(Given data begins)

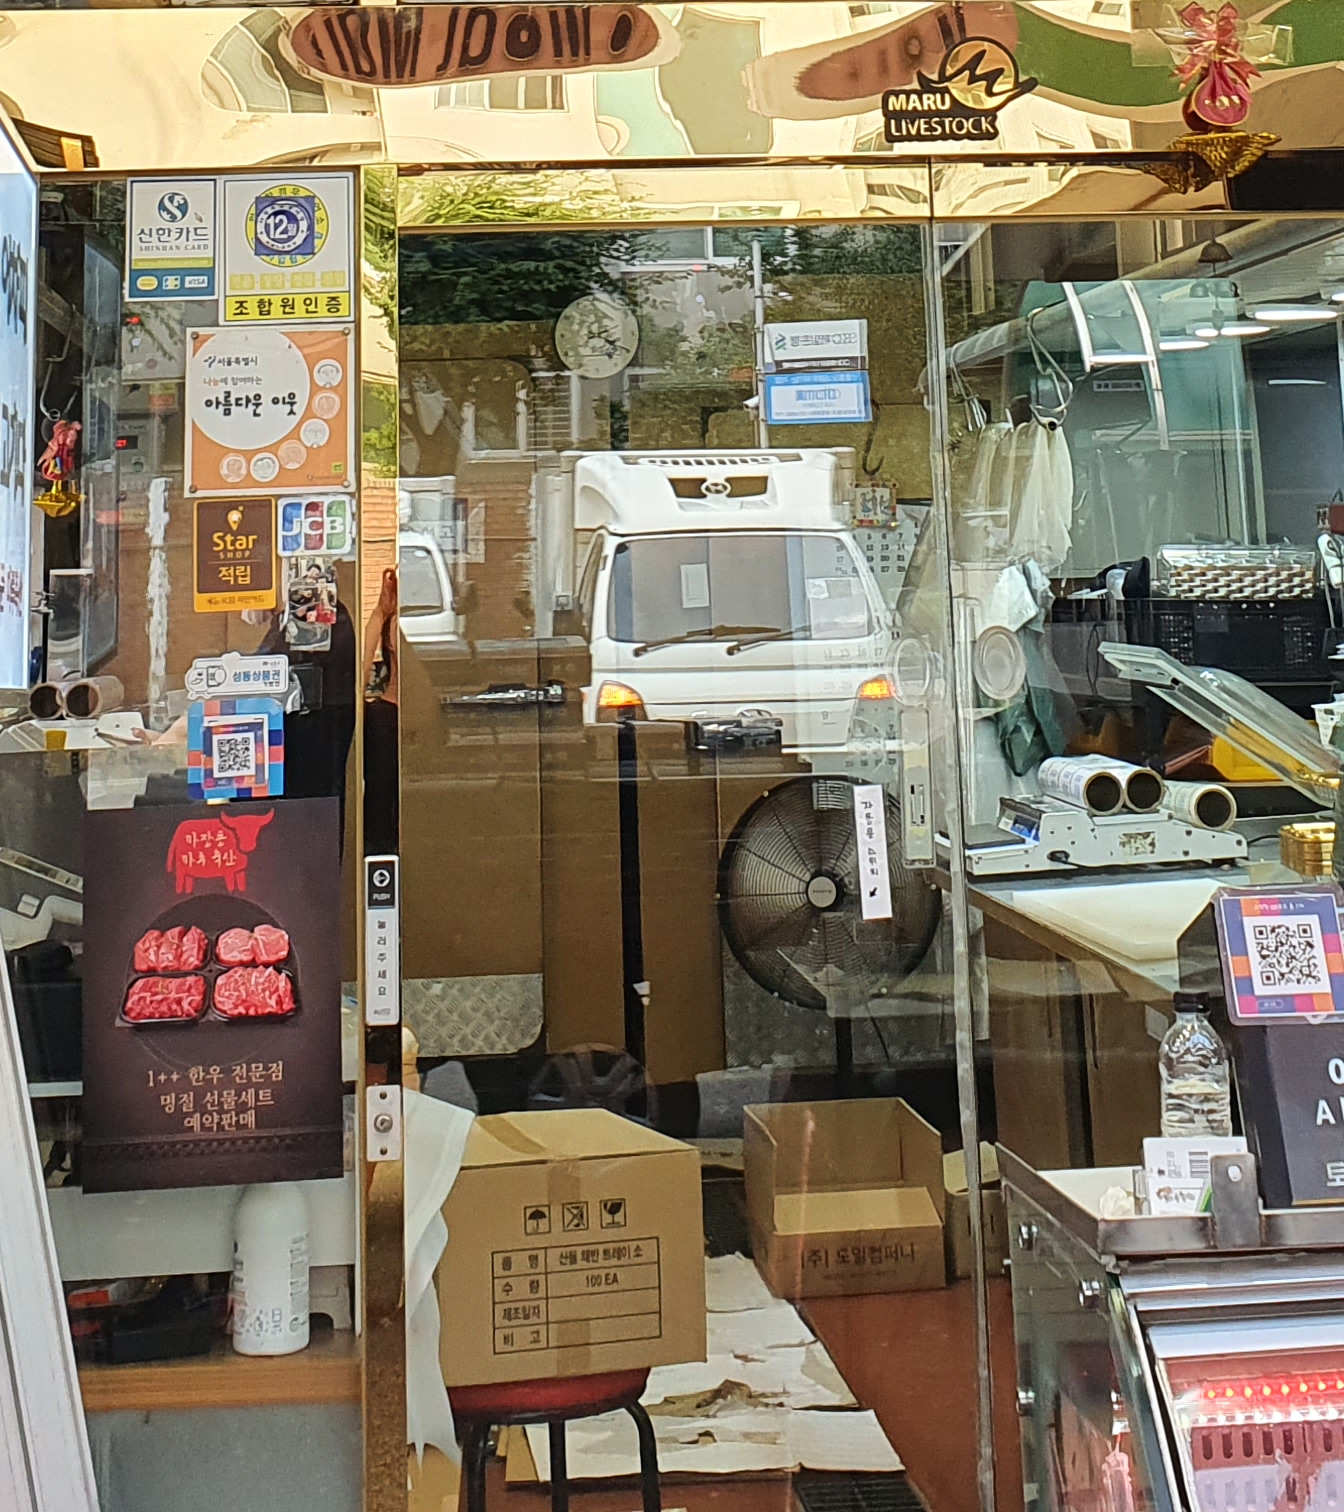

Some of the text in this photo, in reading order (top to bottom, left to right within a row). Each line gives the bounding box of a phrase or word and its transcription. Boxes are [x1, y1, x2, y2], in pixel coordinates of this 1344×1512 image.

[887, 91, 953, 115] MARU
[890, 116, 997, 139] LIVESTOCK
[137, 226, 210, 244] 신한카드
[138, 244, 210, 253] SHINHAN CARD
[187, 278, 207, 286] VISA
[233, 295, 342, 317] 조합원인증
[217, 356, 258, 367] 서울특별시
[204, 390, 298, 418] 아름다운 이웃
[282, 516, 345, 536] JCB
[212, 531, 258, 552] Star
[219, 551, 251, 559] SHOP
[218, 565, 251, 585] 적립
[232, 670, 281, 683] 성동상품권
[372, 892, 391, 900] PUSH
[376, 919, 388, 997] 눌러주세요
[373, 1007, 391, 1016] AUTO
[146, 1060, 284, 1087] 1++ 한우 전문점
[160, 1088, 275, 1113] 명절 선물세트
[183, 1110, 256, 1133] 예약판매
[1315, 1100, 1335, 1126] A
[585, 1273, 603, 1288] 100
[604, 1272, 619, 1286] EA
[502, 1305, 541, 1323] 제조일자

(Given data ends)

[What the task asks]: All of the data above needs to be given again exactly. Leave out each image.

[Problem solution]:
Some of the text in this photo, in reading order (top to bottom, left to right within a row). Each line gives the bounding box of a phrase or word and its transcription. Boxes are [x1, y1, x2, y2], in pixel coordinates of this 1344×1512 image.

[887, 91, 953, 115] MARU
[890, 116, 997, 139] LIVESTOCK
[137, 226, 210, 244] 신한카드
[138, 244, 210, 253] SHINHAN CARD
[187, 278, 207, 286] VISA
[233, 295, 342, 317] 조합원인증
[217, 356, 258, 367] 서울특별시
[204, 390, 298, 418] 아름다운 이웃
[282, 516, 345, 536] JCB
[212, 531, 258, 552] Star
[219, 551, 251, 559] SHOP
[218, 565, 251, 585] 적립
[232, 670, 281, 683] 성동상품권
[372, 892, 391, 900] PUSH
[376, 919, 388, 997] 눌러주세요
[373, 1007, 391, 1016] AUTO
[146, 1060, 284, 1087] 1++ 한우 전문점
[160, 1088, 275, 1113] 명절 선물세트
[183, 1110, 256, 1133] 예약판매
[1315, 1100, 1335, 1126] A
[585, 1273, 603, 1288] 100
[604, 1272, 619, 1286] EA
[502, 1305, 541, 1323] 제조일자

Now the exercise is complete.